Galaxies are as immense as atoms are small. Yet the same laws of physics describe both, and all the rest of nature—an indication of the underlying unity in the universe. The laws of physics are surprisingly few in number, implying an underlying simplicity to nature's apparent complexity. (credit: NASA, JPL-Caltech, P. Barmby, Harvard-Smithsonian Center for Astrophysics)

What is your first reaction when you hear the word “physics”? Did you imagine working through difficult equations or memorizing formulas that seem to have no real use in life outside the physics classroom? Many people come to the subject of physics with a bit of fear. But as you begin your exploration of this broad-ranging subject, you may soon come to realize that physics plays a much larger role in your life than you first thought, no matter your life goals or career choice.

For example, take a look at the image above. This image is of the Andromeda Galaxy, which contains billions of individual stars, huge clouds of gas, and dust. Two smaller galaxies are also visible as bright blue spots in the background. At a staggering 2.5 million light years from Earth, this galaxy is the nearest one to our own galaxy (which is called the Milky Way). The stars and planets that make up Andromeda might seem to be the furthest thing from most people's regular, everyday lives. But Andromeda is a great starting point to think about the forces that hold together the universe. The forces that cause Andromeda to act as it does are the same forces we contend with here on Earth, whether we are planning to send a rocket into space or simply raise the walls for a new home. The same gravity that causes the stars of Andromeda to rotate and revolve also causes water to flow over hydroelectric dams here on Earth. Tonight, take a moment to look up at the stars. The forces out there are the same as the ones here on Earth. Through a study of physics, you may gain a greater understanding of the interconnectedness of everything we can see and know in this universe.

Think now about all of the technological devices that you use on a regular basis. Computers, smart phones, GPS systems, MP3 players, and satellite radio might come to mind. Next, think about the most exciting modern technologies that you have heard about in the news, such as trains that levitate above tracks, “invisibility cloaks” that bend light around them, and microscopic robots that fight cancer cells in our bodies. All of these groundbreaking advancements, commonplace or unbelievable, rely on the principles of physics. Aside from playing a significant role in technology, professionals such as engineers, pilots, physicians, physical therapists, electricians, and computer programmers apply physics concepts in their daily work. For example, a pilot must understand how wind forces affect a flight path and a physical therapist must understand how the muscles in the body experience forces as they move and bend. As you will learn in this text, physics principles are propelling new, exciting technologies, and these principles are applied in a wide range of careers.
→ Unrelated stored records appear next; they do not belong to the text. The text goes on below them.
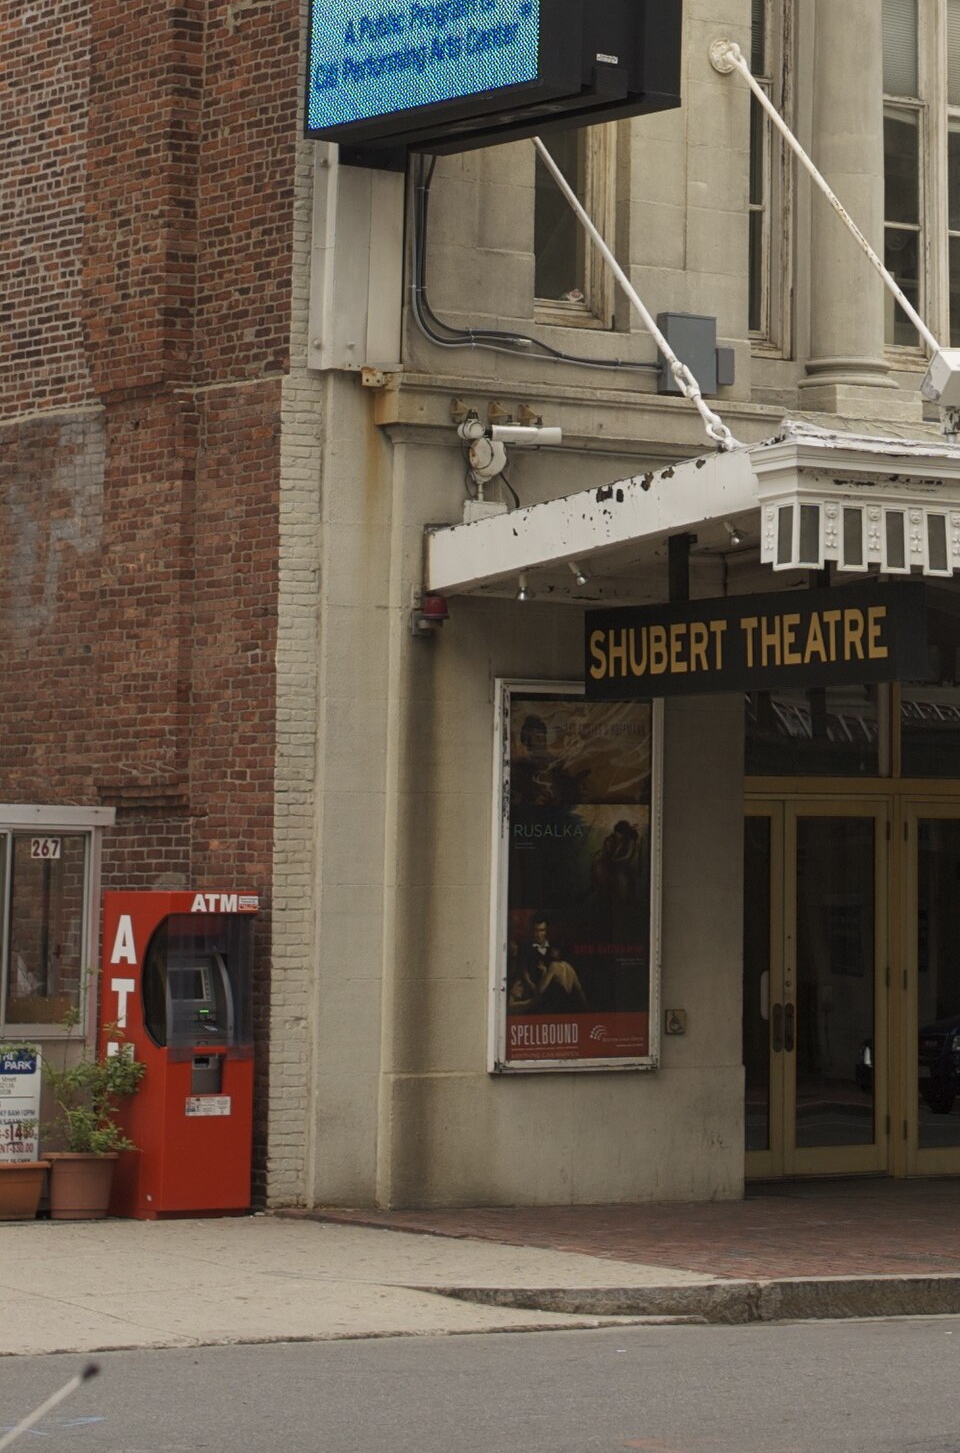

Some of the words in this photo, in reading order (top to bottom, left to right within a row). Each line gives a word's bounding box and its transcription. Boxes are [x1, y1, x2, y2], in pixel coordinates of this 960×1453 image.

[342, 45, 427, 83] Performing
[430, 35, 462, 63] Arts
[465, 22, 520, 55] Center
[589, 619, 728, 680] SHUBERT
[740, 605, 889, 668] THEATRE
[513, 823, 584, 838] RUSALKA
[32, 839, 59, 858] 267
[191, 893, 238, 913] ATM
[511, 1023, 579, 1046] SPELLBOUND
[5, 1060, 32, 1070] PARK
In this text, you will begin to explore the history of the formal study of physics, beginning with natural philosophy and the ancient Greeks, and leading up through a review of Sir Isaac Newton and the laws of physics that bear his name. You will also be introduced to the standards scientists use when they study physical quantities and the interrelated system of measurements most of the scientific community uses to communicate in a single mathematical language. Finally, you will study the limits of our ability to be accurate and precise, and the reasons scientists go to painstaking lengths to be as clear as possible regarding their own limitations.
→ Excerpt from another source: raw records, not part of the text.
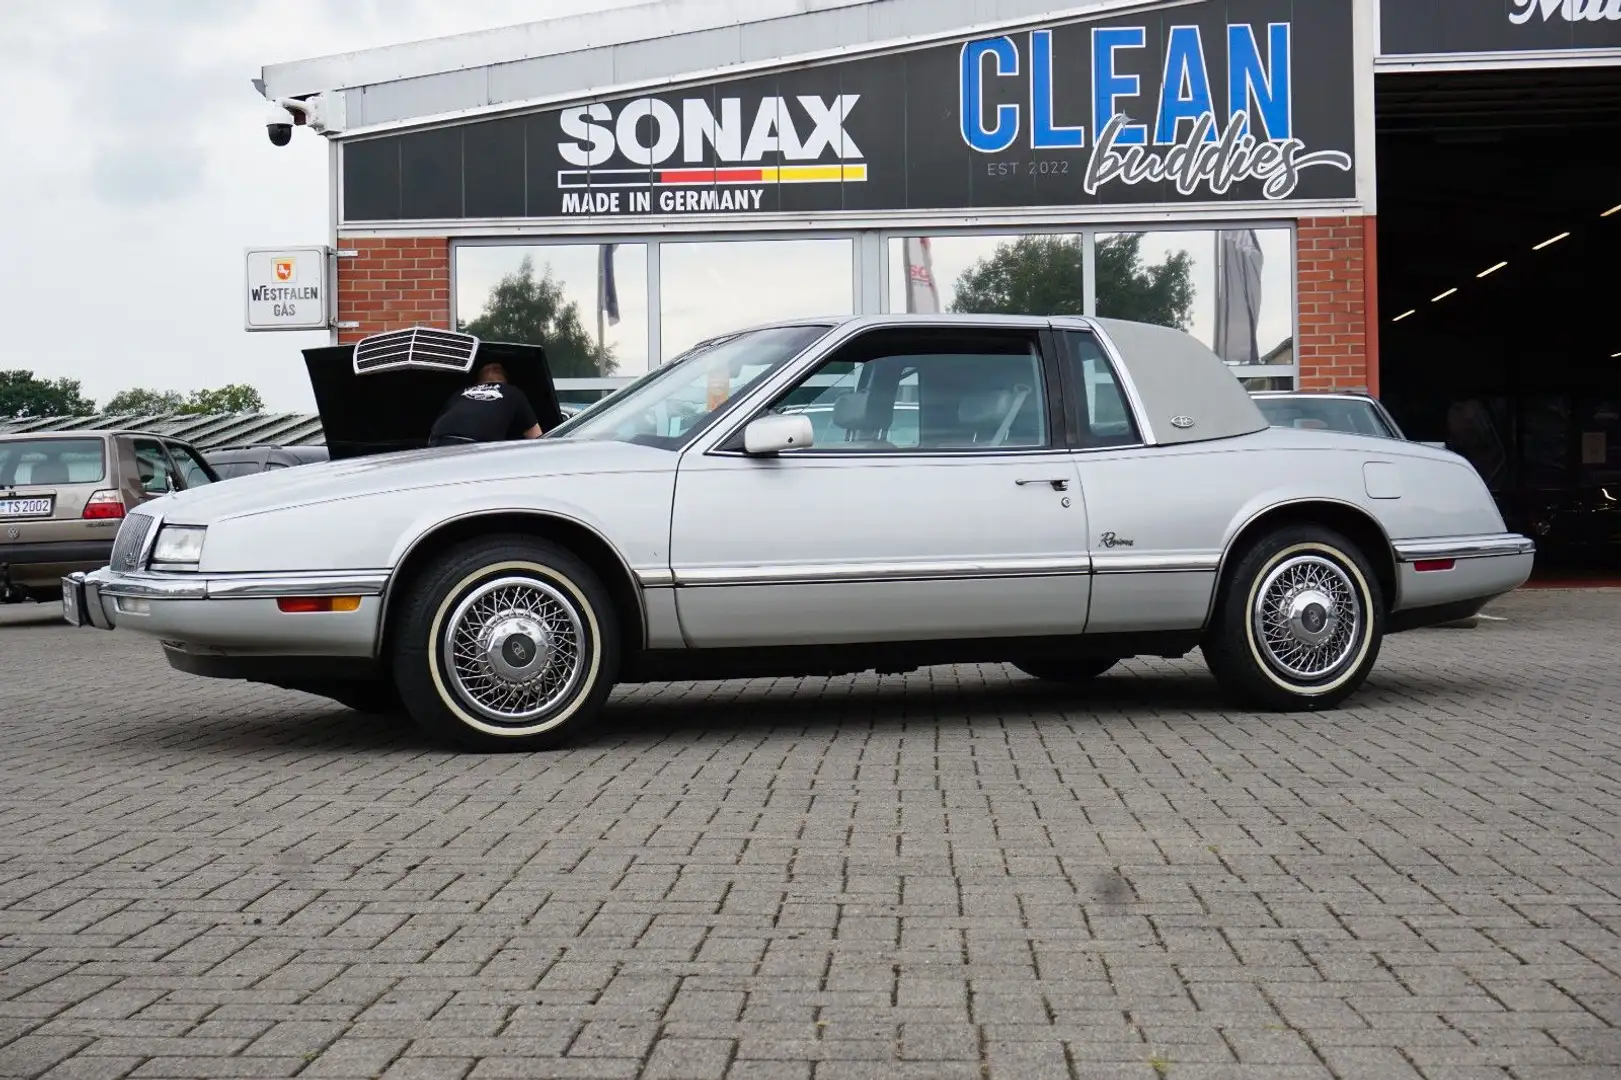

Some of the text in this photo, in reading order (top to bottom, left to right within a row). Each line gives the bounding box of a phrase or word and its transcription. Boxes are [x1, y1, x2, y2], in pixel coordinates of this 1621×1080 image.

[959, 22, 1292, 153] CLEAN
[557, 94, 865, 167] SONAX
[1083, 109, 1352, 200] buddies
[987, 161, 1069, 176] EST 2022
[561, 189, 764, 213] MADE IN GERMANY
[251, 285, 318, 301] WESTFALEN
[273, 302, 296, 317] GAS
[7, 500, 49, 513] TS 2002
Chapter 1 introduces many fundamental skills and understandings needed for success with the AP® Learning Objectives. While this chapter does not directly address any Big Ideas, its content will allow for a more meaningful understanding when these Big Ideas are addressed in future chapters. For instance, the discussion of models, theories, and laws will assist you in understanding the concept of fields as addressed in Big Idea 2, and the section titled ‘The Evolution of Natural Philosophy into Modern Physics' will help prepare you for the statistical topics addressed in Big Idea 7.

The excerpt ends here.